“If I could talk to myself eight years ago
Seeing what I’ve seen, knowing what I know
I would tell that new mother
There’ll be days ahead
When breastfeeding doesn’t seem to work
I would tell her she can trust herself
Cause now I gotta picture of landscape of infant feeding
I can see with perfect clarity
It wasn’t impossible
It was what we need
I couldn’t see it then
But now I know
Every step of the way
There’s support there’s help”
My heart is full, as it tends to be every August—it is the National Breastfeeding Month. The theme of this NBM is “Every Step of the Way,” so I rewrote the lyrics of Cade Thompson’s song of the same title. Amazingly how it reflects the theme of the year, and my own breastfeeding journey.
Eight years ago, I returned to work when my first child was three months old. Unfortunately, it was a very unfriendly environment for breastfeeding. The company did not provide a nursing room in accordance with the law, and I was forced to pump milk in a toilet stall. After pumping, when I was tempted to wash and dry the pump parts in the company kitchen, a few colleagues uttered abusive words, saying, ”don’t wash your dirty underwear in the office.” The company, which happened to be a newspaper, even published an article calling breastfeeding images “disgusting.” The unfriendly working environment put me under unprecedented pressure. When pumping in the company’s toilet stall, the milk dripped into the bottle, and my tears dripped down my cheeks.
After a while I began to be unable to express milk. I began to wonder if I had enough milk to feed my baby and to consider supplementing infant formula milk.
Finally, that day came. My fight for the rights to breastfeed with the company’s management failed to get the desired result; when I got home, a coupon for infant formula was lying in my mailbox. Tired and disappointed, I grabbed the coupon and told myself, “Let’s do it.”
I drove to the nearby grocery store, ready to buy the first can of formula for my little one.

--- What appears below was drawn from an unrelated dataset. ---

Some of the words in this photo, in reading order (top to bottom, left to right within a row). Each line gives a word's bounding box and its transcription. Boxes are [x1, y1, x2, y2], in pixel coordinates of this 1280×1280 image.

A minute later, I was standing in front of the formula milk shelf in the grocery store, holding a can of milk powder in my hand.

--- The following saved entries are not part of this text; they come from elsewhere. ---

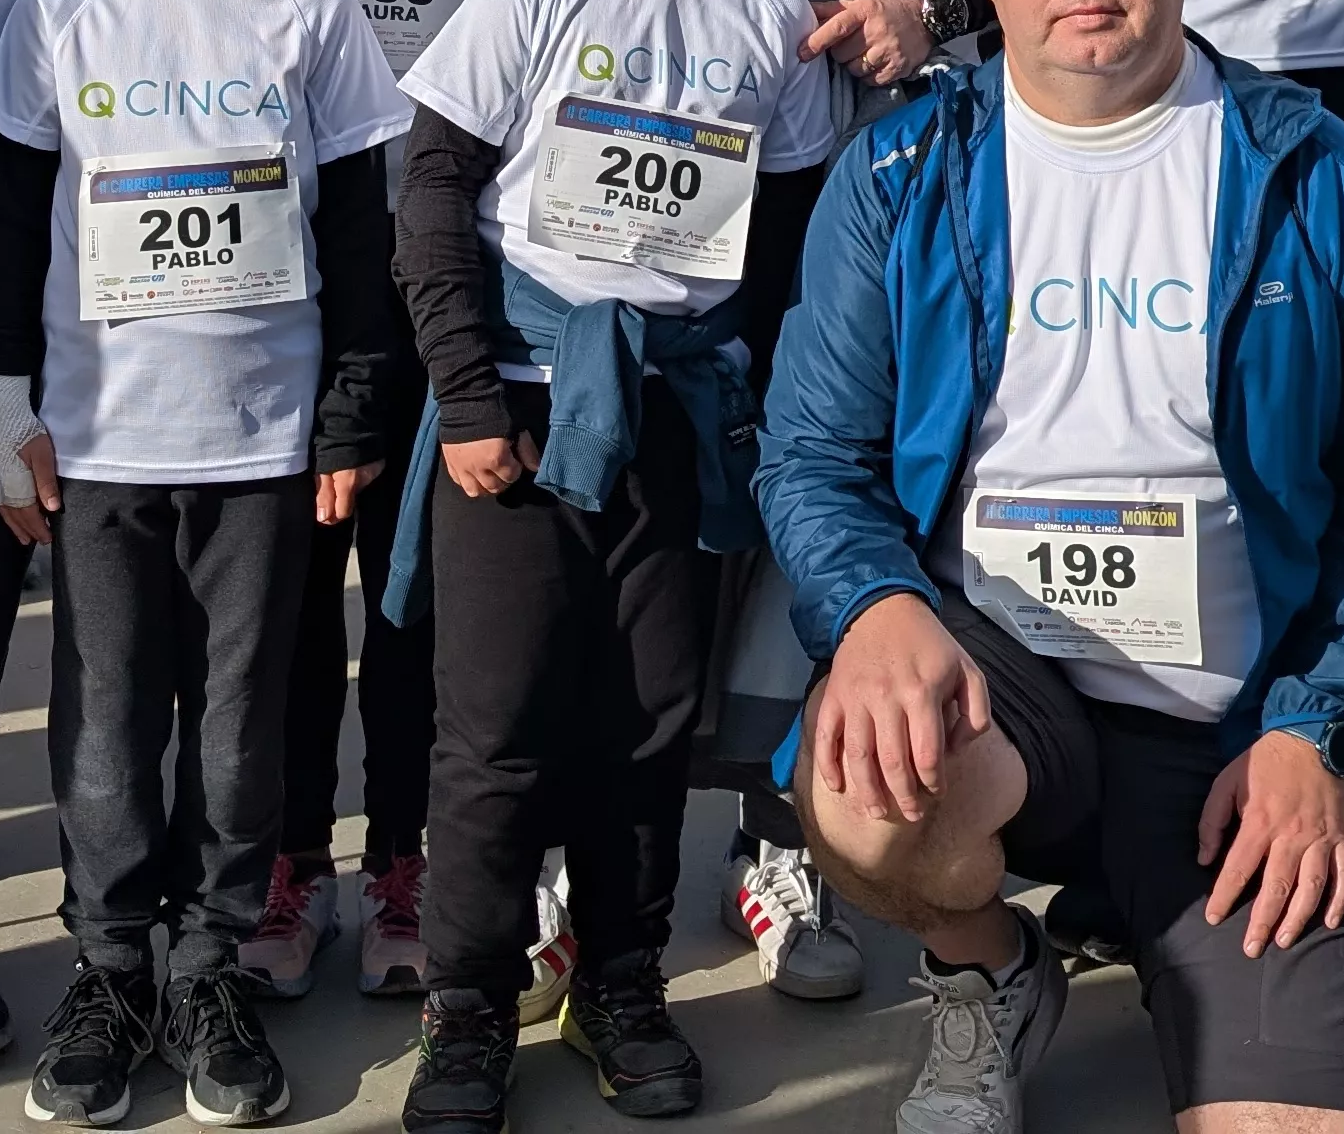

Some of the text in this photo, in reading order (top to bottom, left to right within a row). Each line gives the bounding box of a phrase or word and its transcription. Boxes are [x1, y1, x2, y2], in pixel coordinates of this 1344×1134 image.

[613, 128, 696, 151] QUÍMICA DEL CINCA
[695, 129, 744, 152] MONZÓN
[233, 161, 281, 184] MONZÓN
[595, 145, 701, 201] 200
[147, 185, 236, 199] QUÍMICA DEL CINCA
[604, 188, 681, 217] PABLO
[139, 202, 242, 252] 201
[152, 247, 234, 270] PABLO
[1254, 292, 1294, 307] Kalenji
[1034, 522, 1124, 534] QUÍMICA DEL CINCA
[1122, 507, 1177, 527] MONZÓN
[1027, 541, 1136, 589] 198
[1042, 587, 1118, 607] DAVID

Then I heard a little voice, “Will this fix your problem?”
Will I feel better at the company if I switch to formula milk? Certainly not! Obviously this is a company that ignores federal and California labor laws and disregards employees’ labor rights. Now the company arbitrarily violated employees’ breastfeeding rights. Even if employees did not breastfeed, wouldn’t the company violate employees’ labor rights in other ways?

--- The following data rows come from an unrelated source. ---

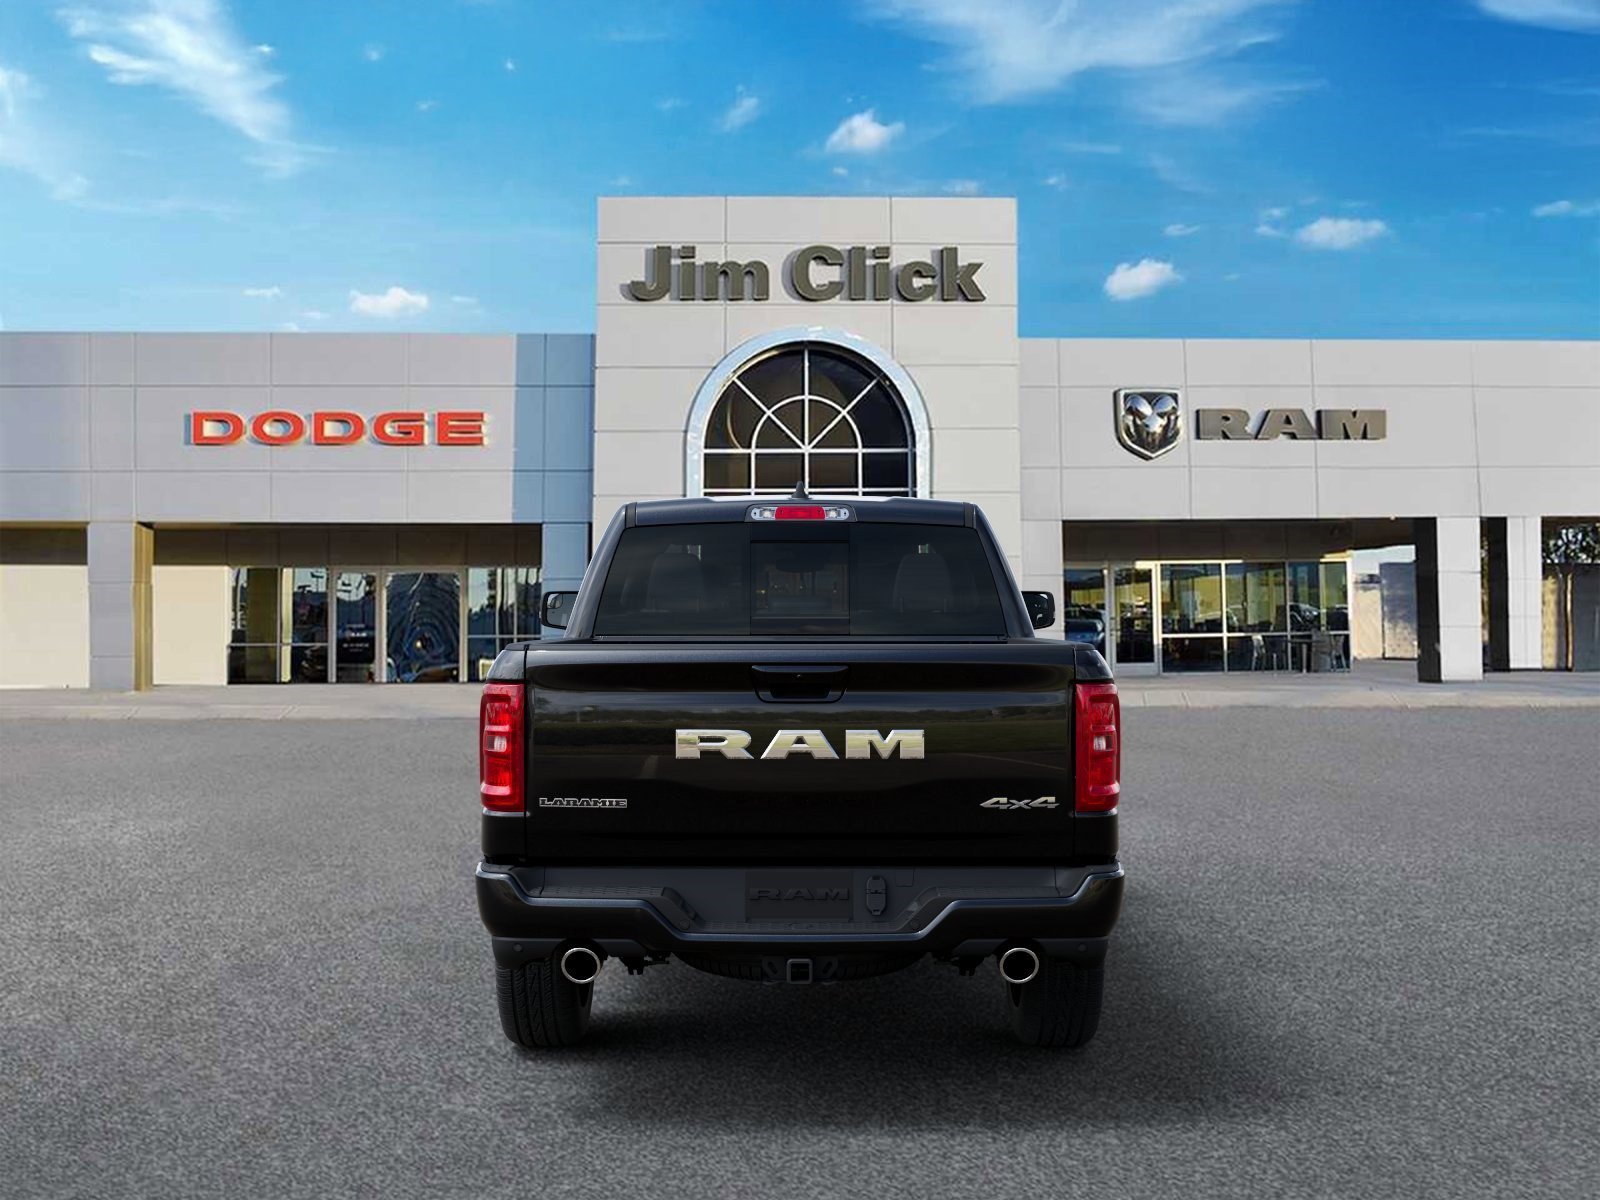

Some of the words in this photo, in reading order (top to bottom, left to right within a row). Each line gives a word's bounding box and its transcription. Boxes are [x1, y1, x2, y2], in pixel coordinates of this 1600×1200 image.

[627, 244, 770, 302] Jim
[791, 244, 986, 302] Click
[190, 410, 486, 447] DODGE
[1196, 407, 1387, 441] RAM
[675, 729, 925, 760] RAM
[539, 797, 628, 809] LARAMIE
[980, 796, 1060, 810] 4x4
[750, 887, 850, 901] RAM

I realized that was not my problem. It was the company’s problem.
So I put that can of formula back on the shelf, walked out of the grocery store, drove home, and wrote my resignation letter.
It was after my resignation that I realized that I was not alone: There were LLL breastfeeding support group in my local library; there were my local breast-feeding coalition that put me in touch with pro-bono lawyers who later settled my case against my previous employer; there were like-minded individuals who founded the Asian and Pacific islander Breastfeeding Task Force with me, and we are launching the very first national AANHPI Breastfeeding Week this year.
If I could talk to myself eight years ago, I would tell that depressed new mother, “Trust yourself, you can do it. Not because you have super power, but because you’ll be supported at every step along this journey.”